Fifty-four years ago this month, on August 28th, 1963, Martin Luther King Jr. gave his “I Have A Dream” speech.  Two hundred and fifty thousand civil rights activists had gathered at the Lincoln Memorial in Washington to hear it.

He said, “I have a dream that my four little children will one day live in a nation where they will not be judged by the colour of their skin, but by the content of their character.”

Five decades later as we watch the tragic events unfold in Charlottesville we wonder, “What can we do?”

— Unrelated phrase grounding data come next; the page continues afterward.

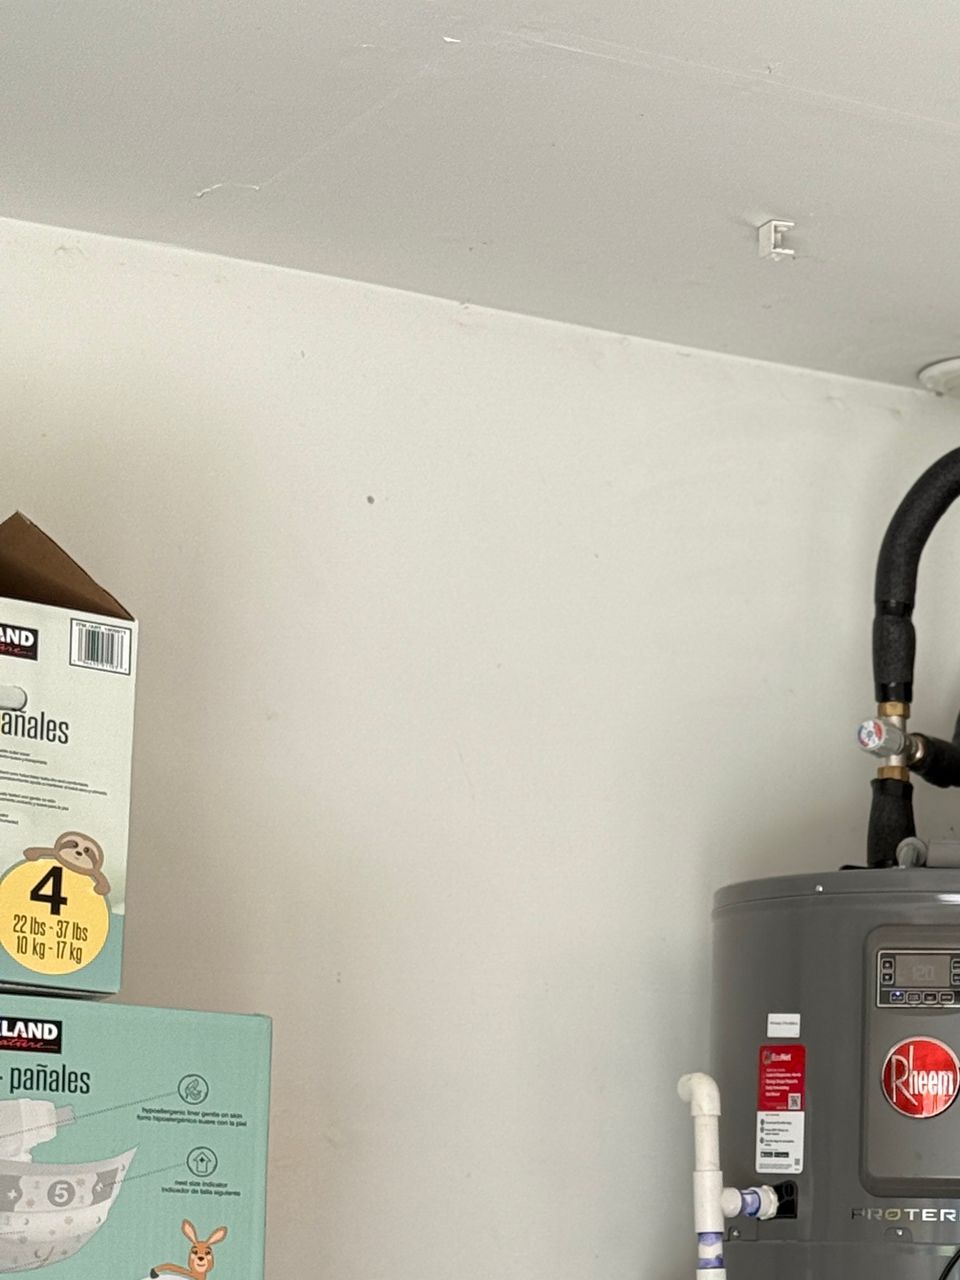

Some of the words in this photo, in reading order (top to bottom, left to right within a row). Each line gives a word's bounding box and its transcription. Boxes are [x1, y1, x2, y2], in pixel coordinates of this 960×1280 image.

[30, 866, 67, 915] 4
[13, 914, 27, 933] 22
[30, 916, 46, 936] lbs
[57, 920, 69, 938] 37
[72, 922, 88, 941] lbs
[17, 936, 27, 954] 10
[32, 937, 45, 960] kg
[57, 941, 67, 959] 17
[70, 942, 82, 964] kg
[10, 1063, 90, 1094] pañales
[891, 1045, 955, 1105] Rheem
[54, 1184, 68, 1202] 5
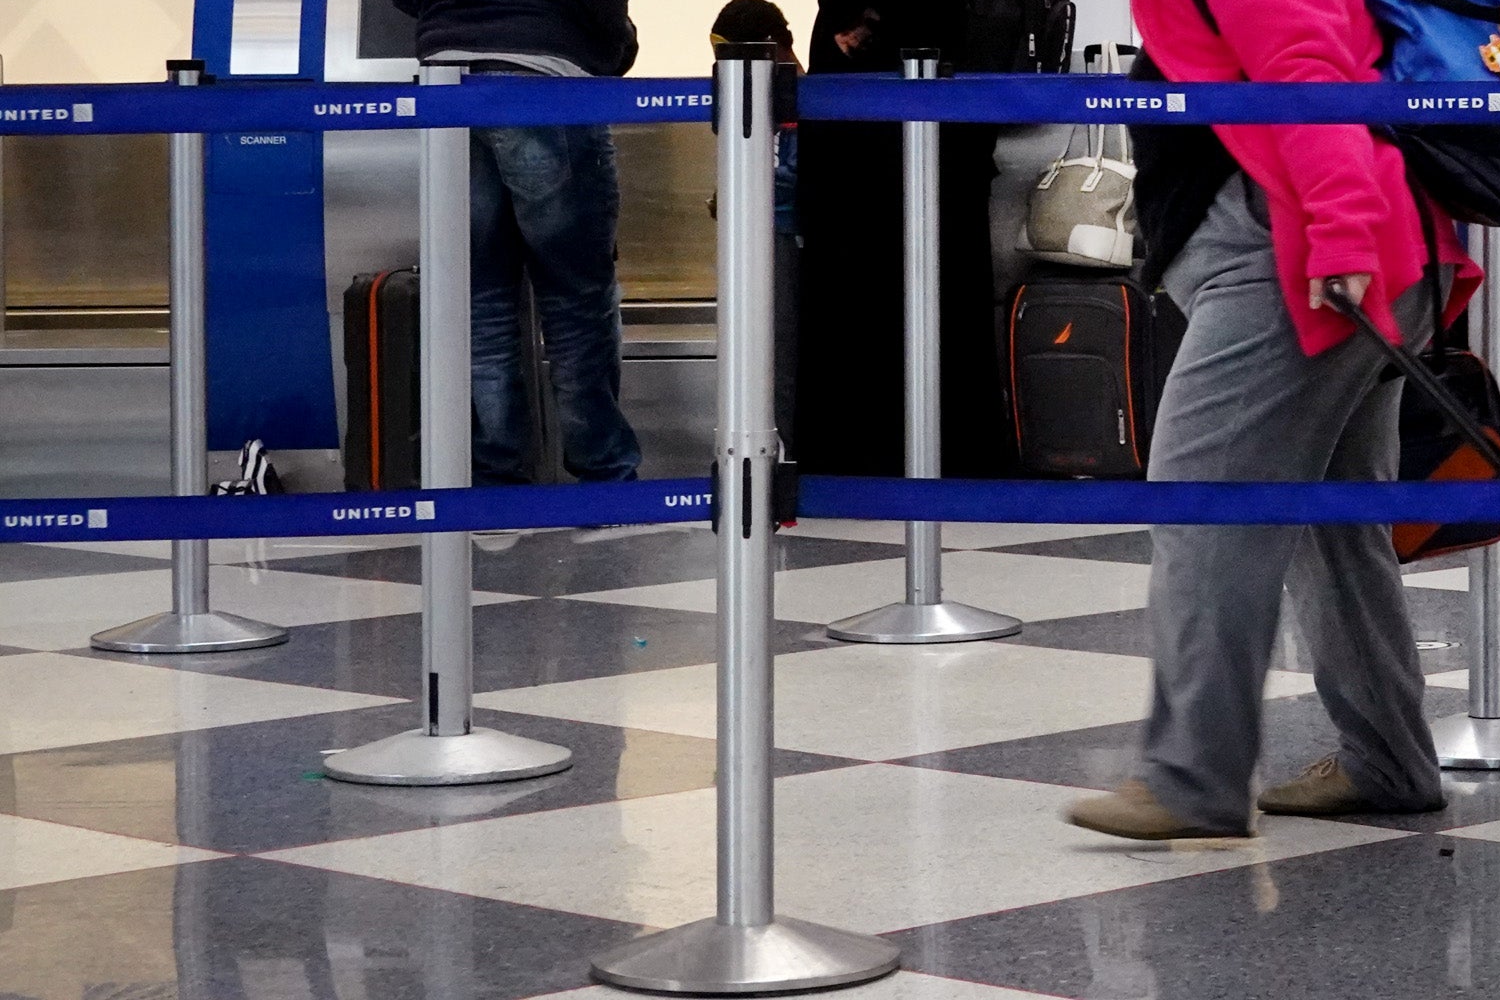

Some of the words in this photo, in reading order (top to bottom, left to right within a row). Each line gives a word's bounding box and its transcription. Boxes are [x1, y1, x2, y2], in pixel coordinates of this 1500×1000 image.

[636, 95, 713, 107] UNITED
[1085, 97, 1163, 109] UNITED
[1407, 97, 1484, 110] UNITED
[0, 109, 69, 121] NITED
[314, 102, 392, 116] UNITED
[240, 135, 287, 145] SCANNER
[664, 494, 712, 507] UNIT
[333, 507, 412, 520] UNITED
[4, 515, 84, 527] UNITED
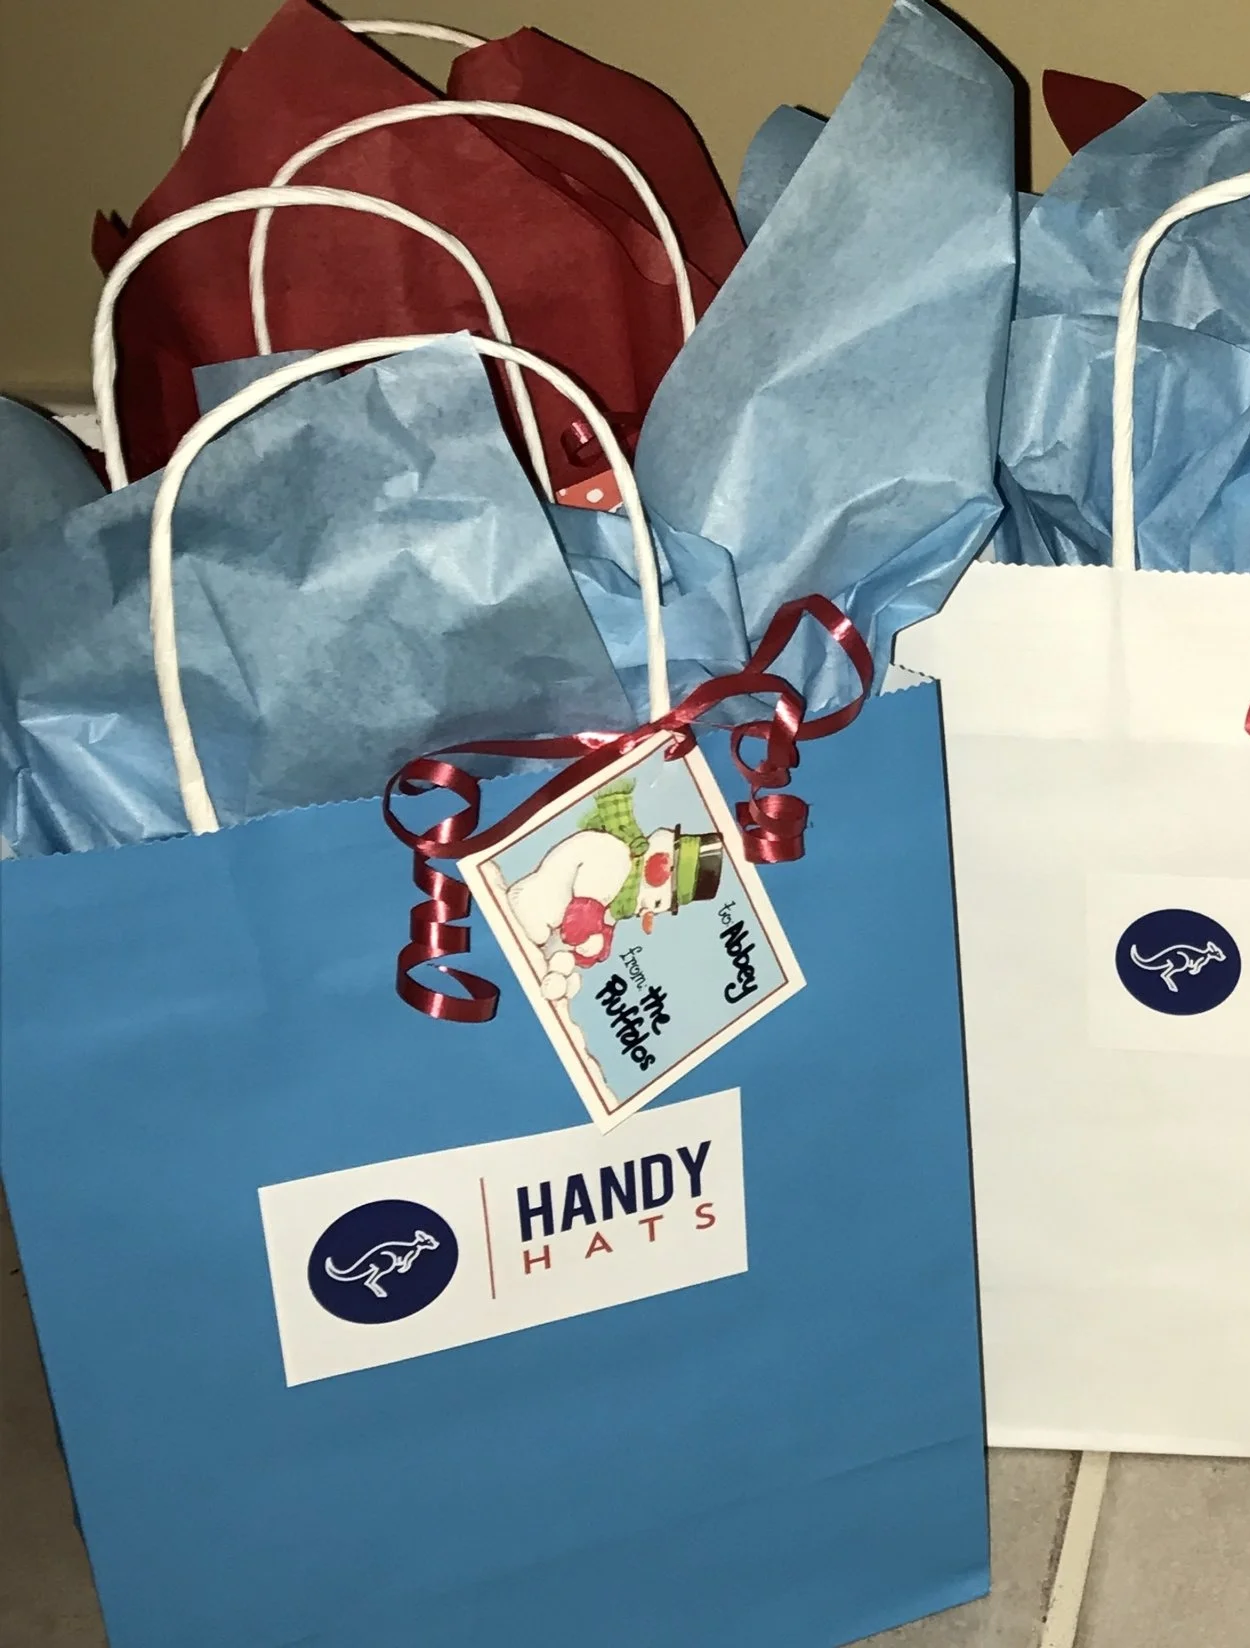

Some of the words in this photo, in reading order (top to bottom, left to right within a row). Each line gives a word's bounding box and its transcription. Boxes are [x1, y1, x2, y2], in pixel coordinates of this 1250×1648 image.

We can use our voices where we live.  We can speak up if we see inequality or racism.  We can teach our children that everyone is equal, no matter their race, skin colour, sexual orientation, religion, weight, education or bank account.  We can work to never be bystanders.

We can live by the mantra that love conquers hate.  That we are more alike than different.

One hundred years before Martin Luther King’s speech, in 1863, President Abraham Lincoln gave the Gettysburg address.  Lincoln said, “Four score and seven years ago our fathers brought forth on this continent, a new nation, conceived in Liberty, and dedicated to the proposition that all men are created equal.”

We still have a long way to go.  But we have the power to raise our voices each day.  To do what is right.  To do what is good.  To always lead with love.  To never give up on the dream.